So you think you've upgraded/downgraded where in fact you haven't.

Further proof happens if you actually remove the old version:

root@c7311b47f69d:/app/libdatadog-detect-missing# gem uninstall libdatadog

Select gem to uninstall:
 1. libdatadog-0.7.0.1.0-x86_64-linux
 2. libdatadog-0.7.0.1.1-x86_64-linux
 3. All versions
> 1
Successfully uninstalled libdatadog-0.7.0.1.0-x86_64-linux

root@c7311b47f69d:/app/libdatadog-detect-missing# DD_PROFILING_ENABLED=true bundle exec ddtracerb exec ruby -e "require 'libdatadog'; puts Libdatadog::VERSION"
W, [2022-08-25T09:27:43.103258 #337]  WARN -- ddtrace: [ddtrace] Profiling was requested but is not supported, profiling disabled: There was an error loading the profiling native extension due to 'RuntimeError Failure to load ddtrace_profiling_native_extension.2.7.3_x86_64-linux due to libddprof_ffi.so: cannot open shared object file: No such file or directory' at '/usr/local/bundle/gems/ddtrace-1.3.0/lib/datadog/profiling/load_native_extension.rb:22:in `<top (required)>''
0.7.0.1.1

Bundler is still able to resolve a valid version BUT the profiler is broken since it's not actually using that version.
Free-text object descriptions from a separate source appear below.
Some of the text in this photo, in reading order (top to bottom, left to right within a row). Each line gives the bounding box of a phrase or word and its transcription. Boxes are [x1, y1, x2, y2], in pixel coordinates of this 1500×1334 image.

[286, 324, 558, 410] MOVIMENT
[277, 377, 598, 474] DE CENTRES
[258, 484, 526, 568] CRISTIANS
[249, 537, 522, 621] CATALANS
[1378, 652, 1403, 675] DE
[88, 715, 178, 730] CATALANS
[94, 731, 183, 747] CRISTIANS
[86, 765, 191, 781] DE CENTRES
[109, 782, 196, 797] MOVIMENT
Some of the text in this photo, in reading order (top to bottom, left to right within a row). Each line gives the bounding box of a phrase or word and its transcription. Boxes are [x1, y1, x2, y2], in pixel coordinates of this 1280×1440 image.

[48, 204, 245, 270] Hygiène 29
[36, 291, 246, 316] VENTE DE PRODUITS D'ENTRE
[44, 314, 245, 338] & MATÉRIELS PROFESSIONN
Since this only happens with libdatadog point releases, and we don't do those often, I doubt anyone's been bitten by this, but it's definitely a sharp edge that we should address.

Expected behaviour:

Ideally, the profiling native extension should automatically pick up and work with updated versions of libdatadog.
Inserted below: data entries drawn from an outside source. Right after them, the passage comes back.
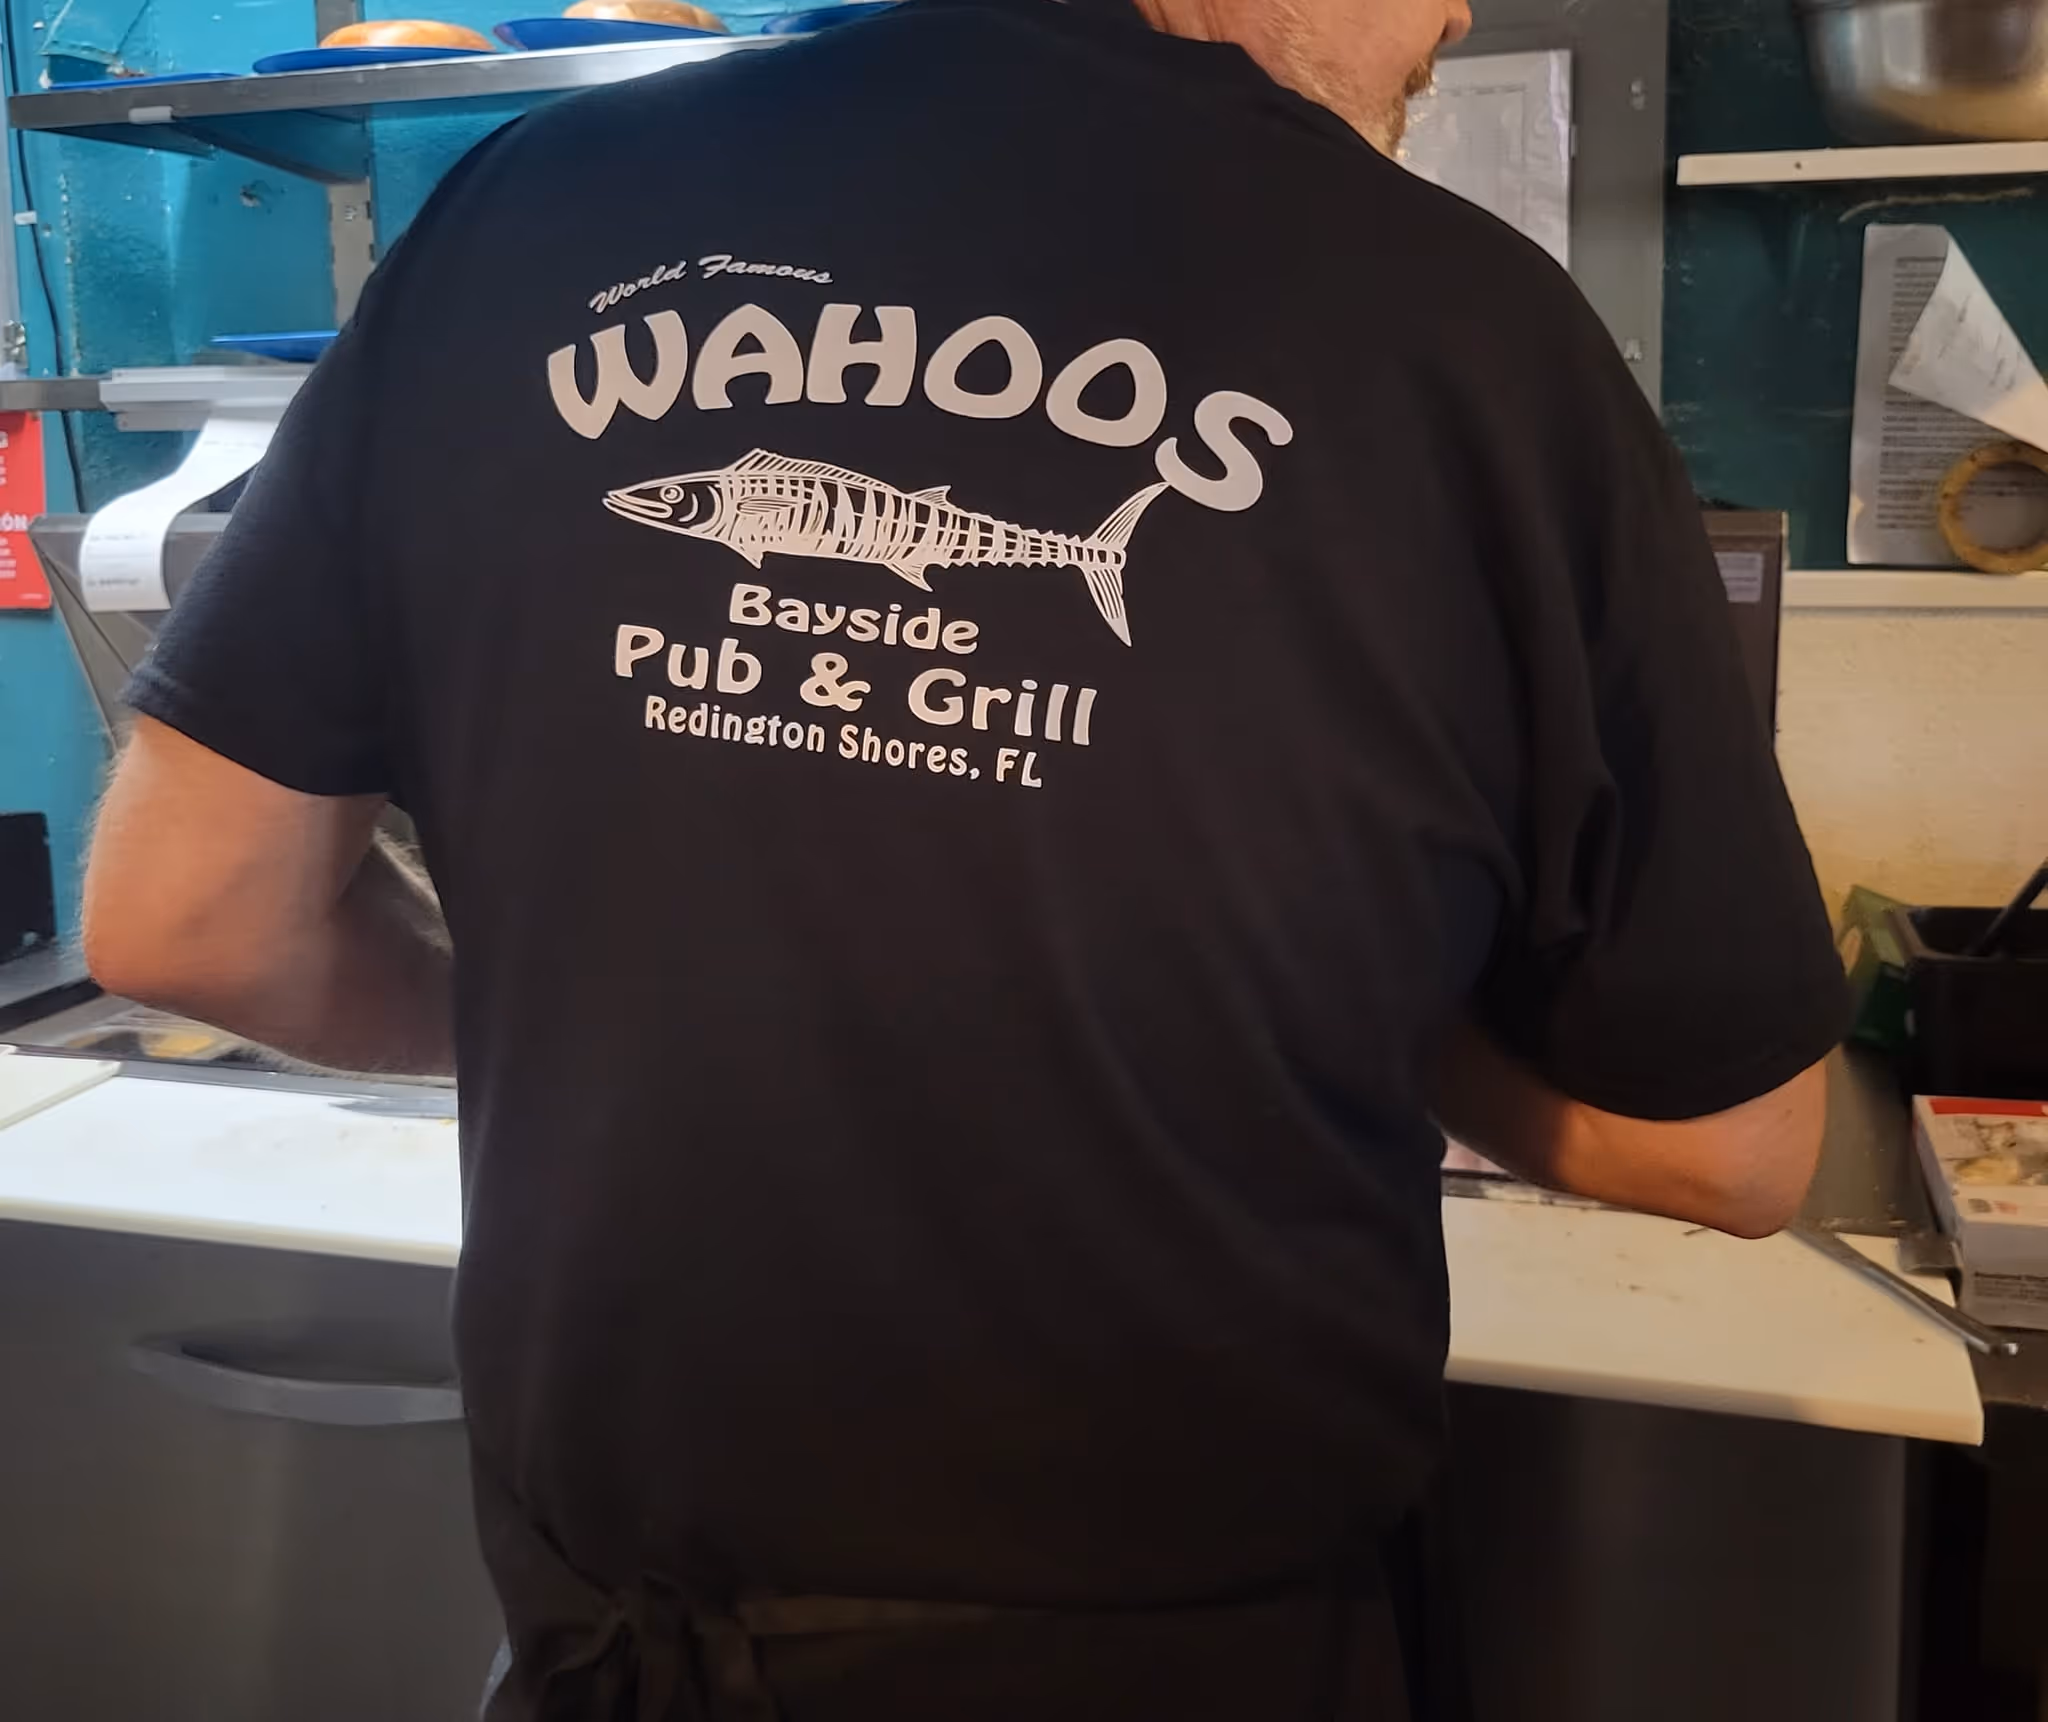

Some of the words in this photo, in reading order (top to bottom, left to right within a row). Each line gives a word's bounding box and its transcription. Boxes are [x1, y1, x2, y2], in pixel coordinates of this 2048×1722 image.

[588, 260, 687, 314] World
[698, 254, 834, 284] Famous
[547, 303, 1294, 511] WAHOOS
[729, 582, 980, 655] Bayside
[614, 623, 762, 694] Pub
[799, 651, 872, 712] &
[907, 667, 1098, 746] Grill
[644, 694, 825, 753] Redington
[838, 723, 980, 780] Shores,
[995, 747, 1043, 788] FL
At minimum, it should a) detect that there's a mismatched libdatadog version; and b) provide a good error message stating what happened and how to fix it.

Steps to reproduce

(See above)

ivoanjo avatar Aug 25 '22 09:08 ivoanjo

Addendum: I suspect this issue can also be triggered when changing the platform on libdatadog, see https://github.com/DataDog/dd-trace-rb/issues/2652#issuecomment-1450539119 for details.

ivoanjo avatar Mar 01 '23 17:03 ivoanjo

The workaround for this is to reinstall ddtrace

IIRC gem pristine ddtrace should do it.

lloeki avatar Apr 12 '23 09:04 lloeki

I hit this issue when I upgraded datadog agent on vms. I'm confused since I thought libdatadog would bundle the library, not relying on the system lib.
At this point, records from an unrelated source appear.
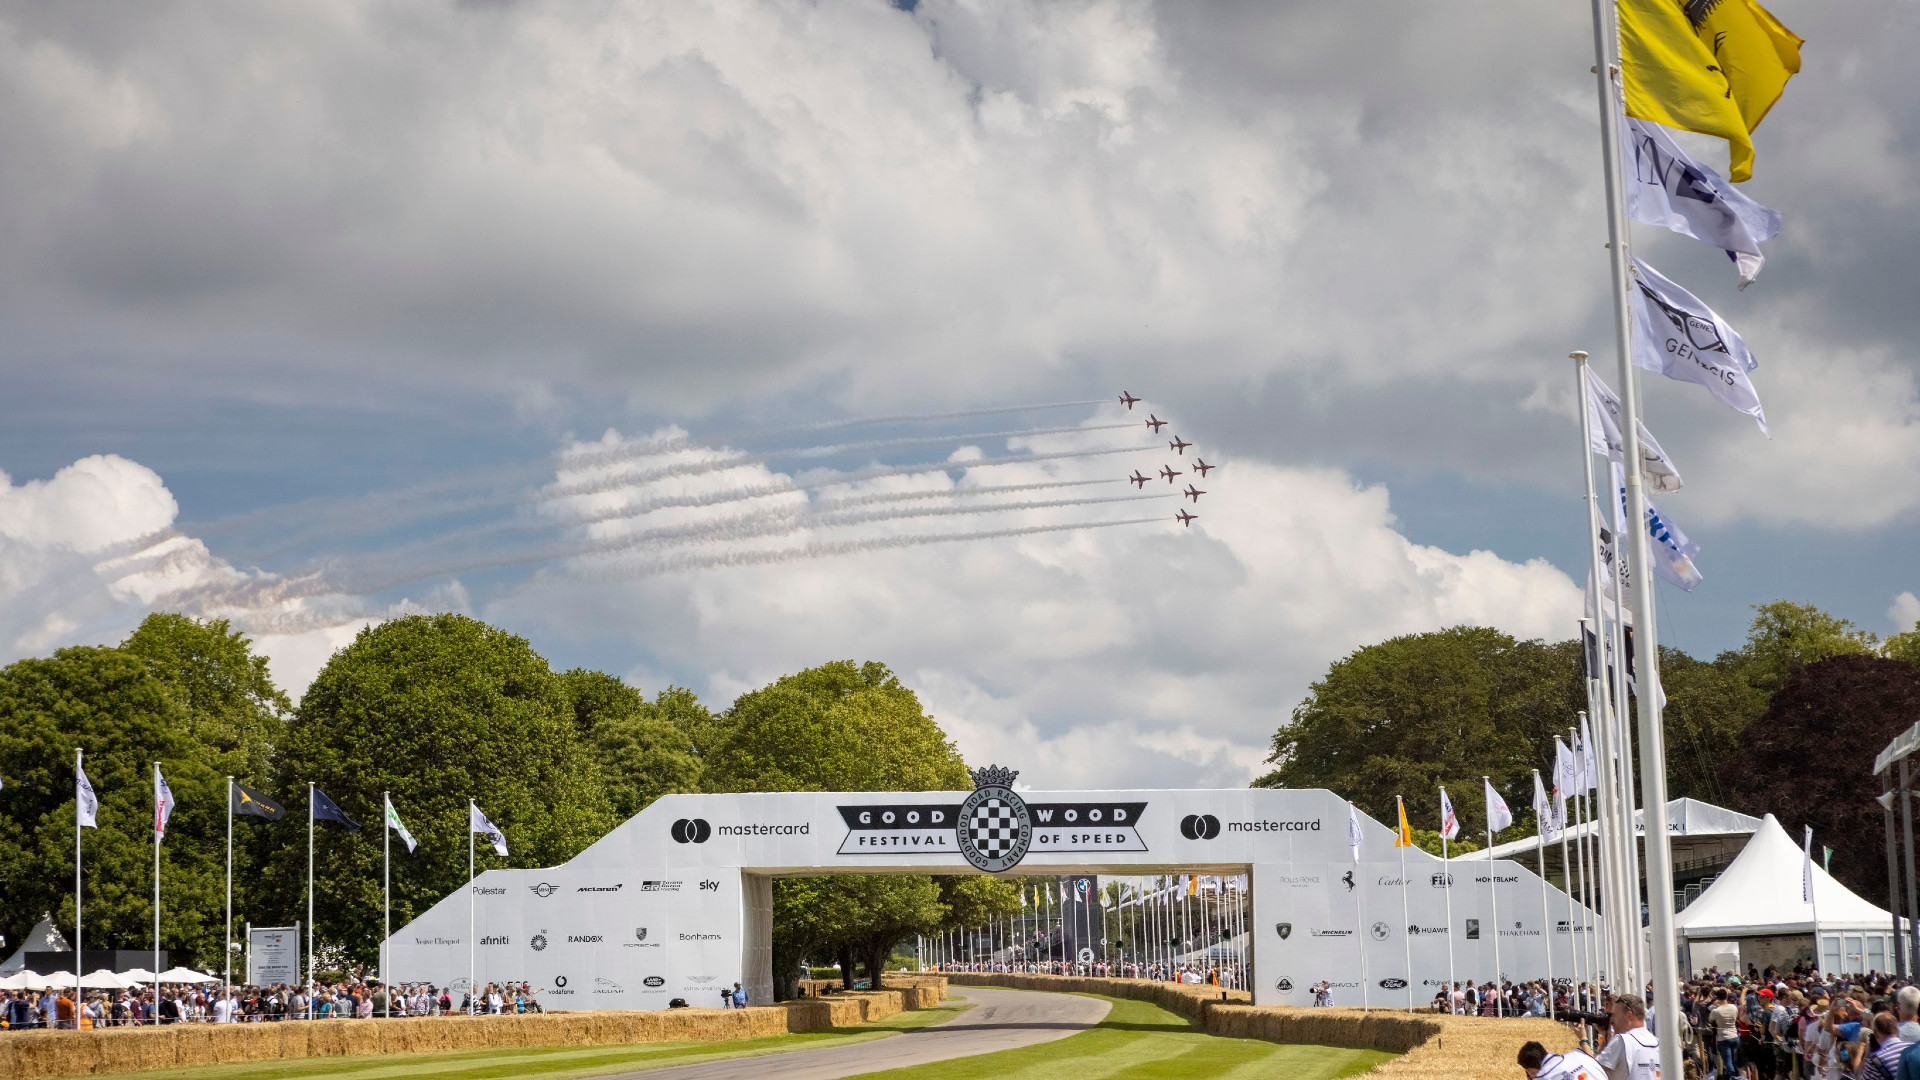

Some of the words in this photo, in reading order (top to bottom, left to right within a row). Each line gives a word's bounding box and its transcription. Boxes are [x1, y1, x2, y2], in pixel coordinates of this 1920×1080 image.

[966, 789, 991, 810] ROAD
[997, 789, 1027, 820] RACING
[858, 810, 945, 824] GOOD
[1036, 808, 1127, 823] WOOD
[718, 822, 810, 836] mastercard
[1228, 818, 1321, 832] mastercard
[859, 835, 946, 846] FESTIVAL
[1039, 834, 1061, 844] OF
[1071, 834, 1127, 844] SPEED
[960, 814, 989, 868] GOODWOOD
[1001, 824, 1029, 868] COMPANY
[472, 886, 507, 896] Polestar
[577, 885, 620, 893] McLaren
[641, 883, 661, 892] GR
[699, 878, 720, 892] sky
[568, 935, 604, 943] RANDOX
[679, 932, 722, 941] Bonhams
I believe this is a bug of libdatadog not of ddtrace.

chulkilee avatar Jul 04 '23 10:07 chulkilee

Sorry to hear you're affected @chulkilee . Do you by any chance still have access to the logs and can share the error message you got?

I've been thinking that in some cases we may be able to provide a much better error message, but I wanted to doublecheck it would cover your case.

ivoanjo avatar Jul 04 '23 11:07 ivoanjo

W, [2023-07-04T08:35:31.895350 #29107]  WARN -- ddtrace: [ddtrace] (/app/shared/bundle/ruby/2.7.0/gems/ddtrace-1.12.1/lib/datadog/core/configuration/components.rb:103:in `startup!') Profiling was requested but is not supported, profiling disabled: There was an error loading the profiling native extension due to 'LoadError cannot load such file -- ddtrace_profiling_loader.2.7.8_x86_64-linux' at '/app/shared/bundle/ruby/2.7.0/gems/bootsnap-1.7.5/lib/bootsnap/load_path_cache/core_ext/kernel_require.rb:23:in `require''

Wait, maybe it's between ruby upgrade (2.7.7 and 2.7.8) - I just found that the error message included the path "2.7.0" - which is not specific to ruby version (2.7.7 or 2.7.8). Maybe bundle install after ruby upgrade didn't trigger "reinstall" libdatadog here

chulkilee avatar Jul 04 '23 11:07 chulkilee

Interesting... I think this one may not involve libdatadog at all (although the error message is similar and the fix is similar as well).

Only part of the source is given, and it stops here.